Article Published: December 3, 2016

I've always been captivated by timelapses. Not only do I enjoy creating them, but I also appreciate the works of other enthusiasts.

My Timelapse Creation

The timelapse showcased above was captured during an ultimate frisbee session. I utilized my GoPro for this, and the post-production was done using After Effects. However, I found the GoPro's quality lacking and would have preferred using my DSLR. Surprisingly, many DSLRs lack a built-in intervalometer. When I looked for one online, they were exorbitantly priced. This led me to explore the possibility of crafting one using an Arduino.

With the resources available to me, I discovered a method to trigger the camera using an Arduino paired with an IR LED. I stumbled upon a timing diagram online, taken from an oscilloscope connected to the IR LED of a Canon IR remote. This diagram, with its clear timings, was instrumental in helping me recreate the necessary signal.

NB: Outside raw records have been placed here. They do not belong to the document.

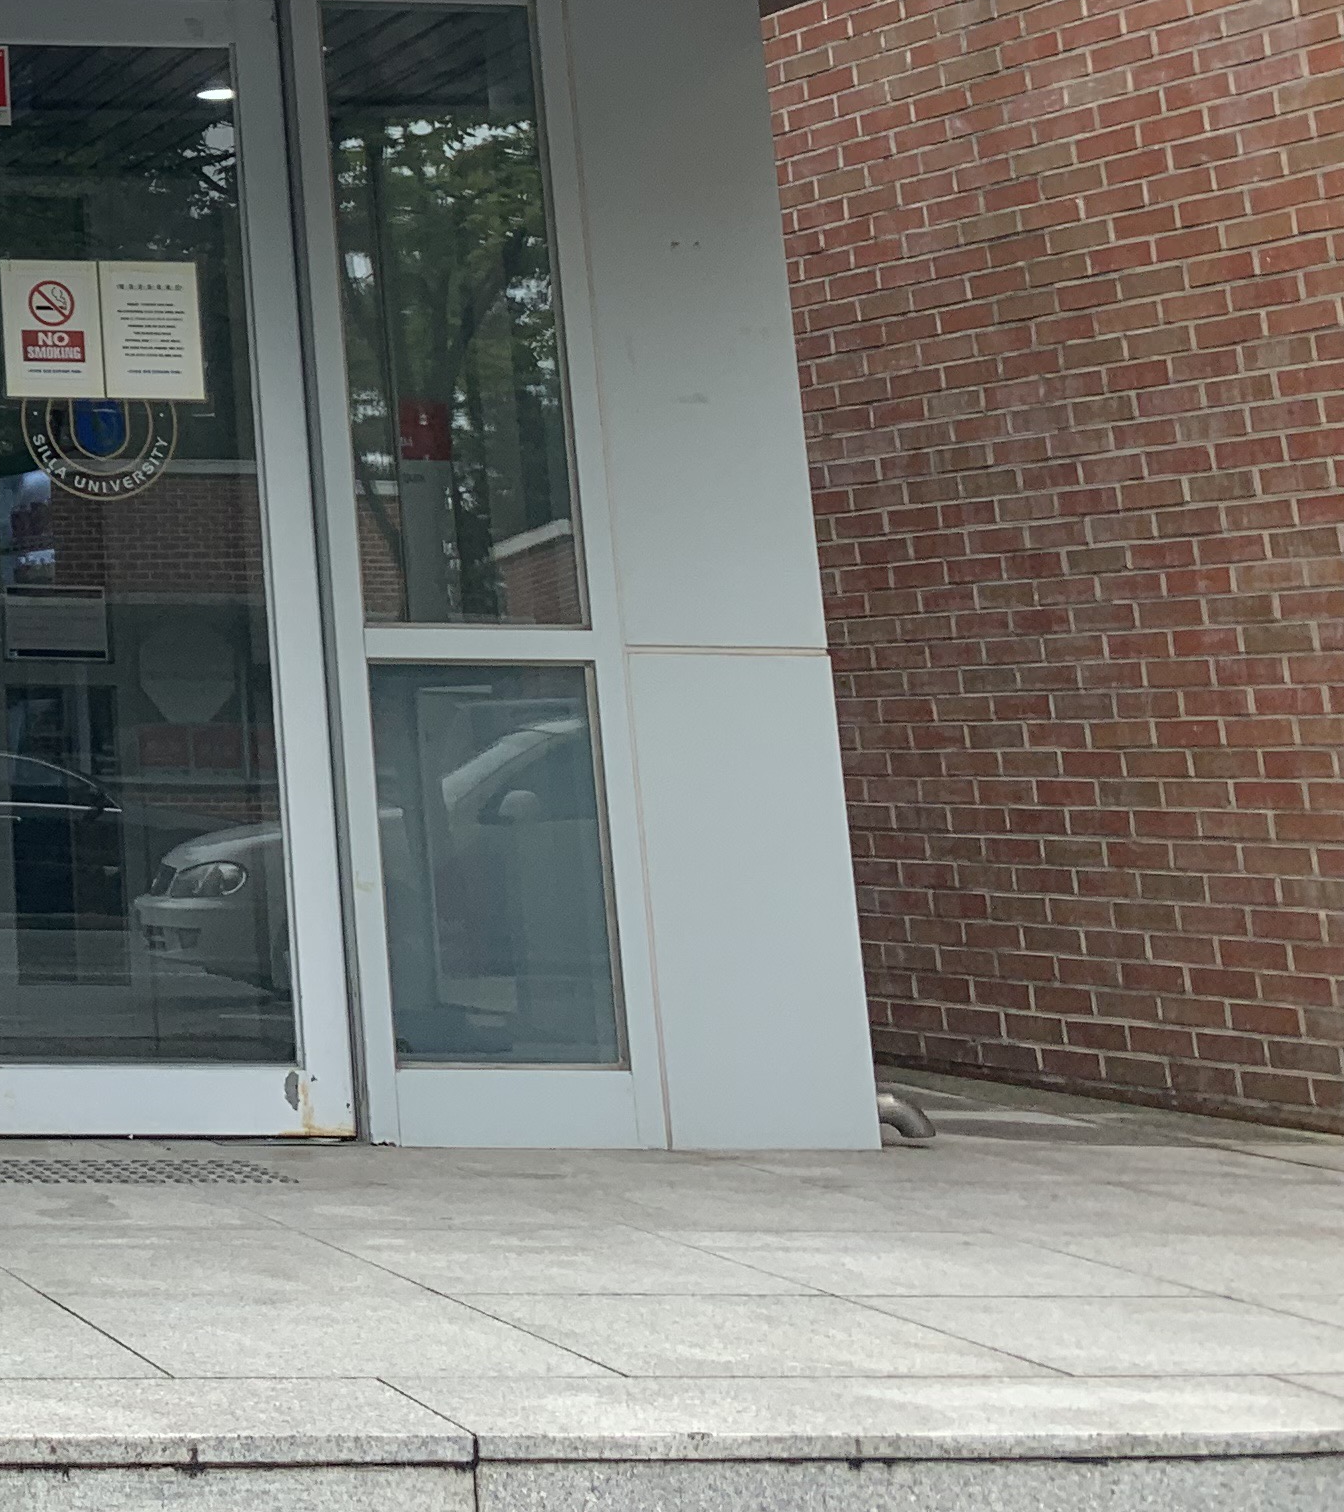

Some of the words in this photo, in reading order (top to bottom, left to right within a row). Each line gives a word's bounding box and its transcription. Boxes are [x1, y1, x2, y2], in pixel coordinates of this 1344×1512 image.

[37, 332, 69, 346] NO
[27, 346, 82, 360] SMOKING
[32, 433, 67, 480] SILLA
[74, 436, 169, 494] UNIVERSITY
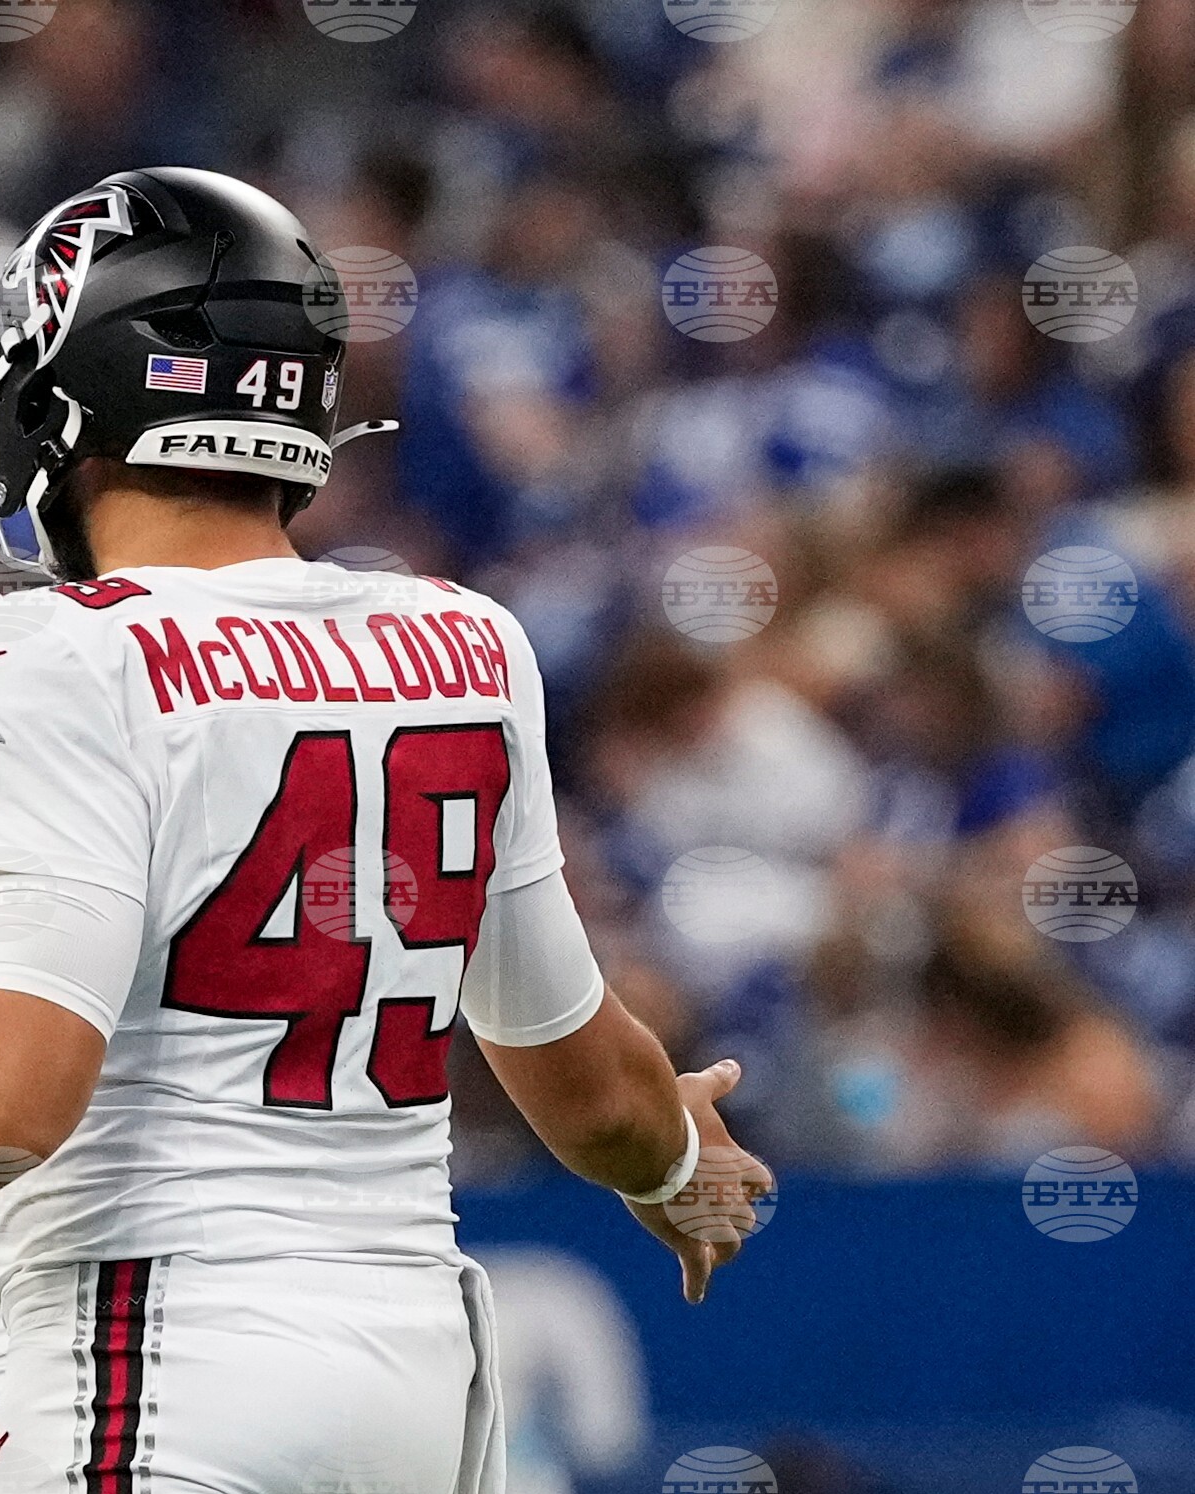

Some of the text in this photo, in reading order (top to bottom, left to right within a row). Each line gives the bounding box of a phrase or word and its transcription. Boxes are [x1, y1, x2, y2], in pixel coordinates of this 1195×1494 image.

[235, 358, 305, 411] 49
[159, 434, 332, 475] FALCONS
[126, 610, 512, 715] McCULLOUGH
[159, 721, 511, 1111] 49

Unfortunately, this project was undertaken at a time when I didn't fully grasp the significance of thorough documentation. However, I do have a video capturing the initial success:

Having achieved the initial step of triggering a camera with an Arduino, I then set my sights on developing an intervalometer. I managed to construct one in time for our university's open day, where I also showcased my smart home project. Here's a snippet of me demonstrating the prototype:

While the prototype was a success, it wasn't particularly user-friendly. It required a proper casing, and the circuitry needed to be transferred from a breadboard to a PCB. Before I could embark on this, I learned of a remote trigger method using a 2.5mm headphone jack. By connecting the shutter wire to the ground after plugging the jack into the DSLR's remote port, one could capture a photo. Another wire was designated for focusing. Armed with this knowledge, I refined my remote:

Despite the improvements, the design wasn't portable. During a holiday break, I seized the opportunity to design a PCB version of the remote, focusing solely on the 2.5mm jack control. This not only reduced power consumption but also simplified the coding process. The result was a portable remote:

This iteration featured an OLED screen and utilized two opto-isolators to manage the focus and shutter. I also added external switches for easier access. While this remote was highly functional, its exposed components made it fragile. I encountered occasional display issues due to loose wire connections, which I resolved by soldering them directly.

What I particularly cherished about this remote were its features like "bramplapse" and "Astrolapse", typically found in pricier models. Given that I already had most of the components, the overall cost was between $15 to $20.

I apologize for the scant documentation. I plan to revisit this project, ensuring comprehensive documentation this time. I aim to have the circuit printed professionally (I've previously collaborated with Seedstudio) and will make the design publicly accessible.

For those interested, here's the code I employed to produce the following timelapses. Ensure you have ffmpeg installed:

import os
import shutil

imagenumber = 0
pics_dir = 'myfootage'
new_dir = "timelapsefootage/"
outputname = 'timelapse.mp4'

os.system("mkdir timelapsefootage")

files = sorted([str(filename) for filename in os.listdir(pics_dir)])
for filename in files:
    newname = new_dir + str(imagenumber) + ".JPG"
    os.system(f"cp {pics_dir}/{filename} {newname}")
    imagenumber += 1

cmd = f'ffmpeg/ffmpeg -f image2 -i {new_dir}%d.JPG -r 25 -s 960x640 -vcodec libx264 {outputname}'
os.system(cmd)
shutil.rmtree('./timelapsefootage')

Ensure your images are placed in a directory named myfootage, located in the same directory as the script. This code ensures your images remain in sequence, a challenge I initially faced. It's compatible with Python 2.6.

I hope this proves beneficial to someone out there!